BMW became the 15th company in 2025 to gain Tesla Supercharger access, after the company confirmed to its EV owners that they could use any of the more than 25,000 Supercharging stalls in North America.

Newer BMW all-electric cars, like the i4, i5, i7, and iX, are able to utilize Tesla’s V3 and V4 Superchargers. These are the exact model years, via the BMW Blog:

  • i4: 2022-2026 model years
  • i5: 2024-2025 model years
    • 2026 i5 (eDrive40 and xDrive40) after software update in Spring 2026
  • i7: 2023-2026 model years
  • iX: 2022-2025 model years
    • 2026 iX (all versions) after software update in Spring 2026

With the expansion of the companies that gained access in 2025 to the Tesla Supercharger Network, a vast majority of non-Tesla EVs are able to use the charging stalls to gain range in their cars.

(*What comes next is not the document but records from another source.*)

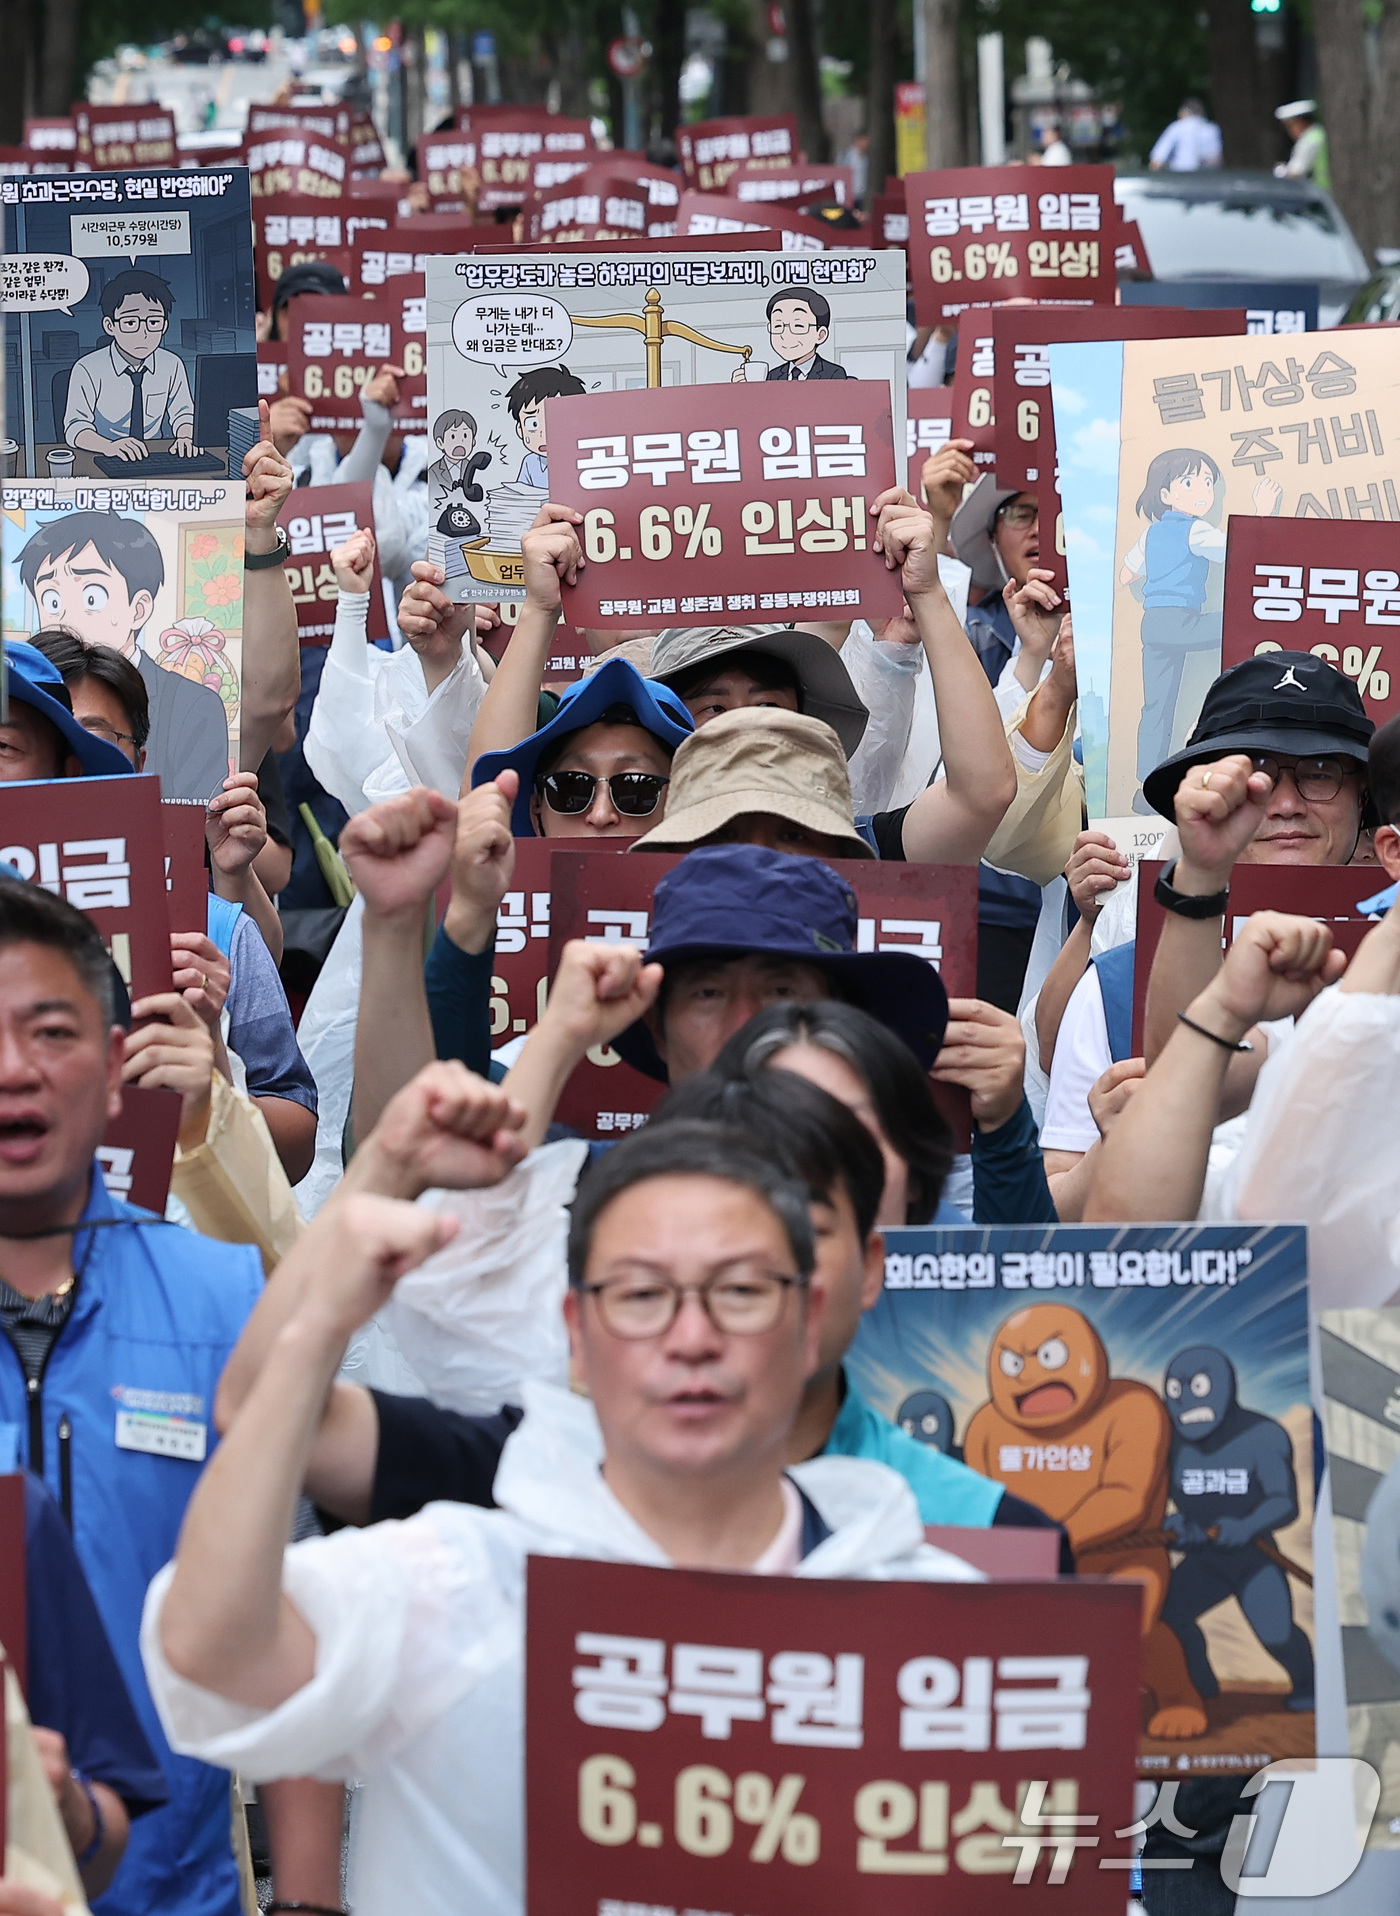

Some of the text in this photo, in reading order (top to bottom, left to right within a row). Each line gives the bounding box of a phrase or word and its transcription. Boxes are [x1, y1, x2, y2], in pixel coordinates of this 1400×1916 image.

[0, 181, 19, 204] 원
[22, 179, 123, 203] 초과근무수당,
[125, 177, 157, 200] 현실
[81, 219, 182, 233] 시간외근무 수당(시간당)
[925, 193, 1100, 236] 공무원 임금
[106, 234, 158, 248] 10,579원
[264, 215, 342, 246] 공무원
[43, 261, 68, 273] 환경,
[558, 262, 595, 287] 높은
[598, 262, 670, 286] 하위직의
[673, 260, 769, 287] 직급보조비,
[930, 241, 1018, 283] 6.6%
[1028, 241, 1099, 278] 인상!
[3, 275, 46, 288] 같은 업무!
[475, 306, 554, 321] 무게는 내가 더
[302, 322, 391, 357] 공무원
[466, 338, 563, 353] 왜 임금은 반대죠?
[1152, 350, 1357, 425] 물가상승
[576, 424, 867, 490] 공무원 임금
[1230, 409, 1385, 476] 주거비
[75, 488, 129, 511] 마음만
[583, 496, 867, 563] 6.6% 인상!
[600, 590, 861, 616] 공무원·교원 생존권 쟁취 공동투쟁위원회
[1252, 564, 1400, 626] 공무원
[1000, 1251, 1085, 1290] 균형이
[999, 1445, 1092, 1472] 물가인상
[1181, 1467, 1249, 1495] 공과금
[571, 1631, 1091, 1753] 공무원 임금
[577, 1753, 1080, 1876] 6.6% 인상!

So far in 2025, Tesla has enabled Supercharger access to:

  • Audi
  • BMW
  • Genesis
  • Honda
  • Hyundai
  • Jaguar Land Rover
  • Kia
  • Lucid
  • Mercedes-Benz
  • Nissan
  • Polestar
  • Subaru
  • Toyota
  • Volkswagen
  • Volvo

Drivers with BMW EVs who wish to charge at Tesla Superchargers must use an NACS-to-CCS1 adapter. In Q2 2026, BMW plans to release its official adapter, but there are third-party options available in the meantime.

They will also have to use the Tesla App to enable Supercharging access to determine rates and availability. It is a relatively seamless process.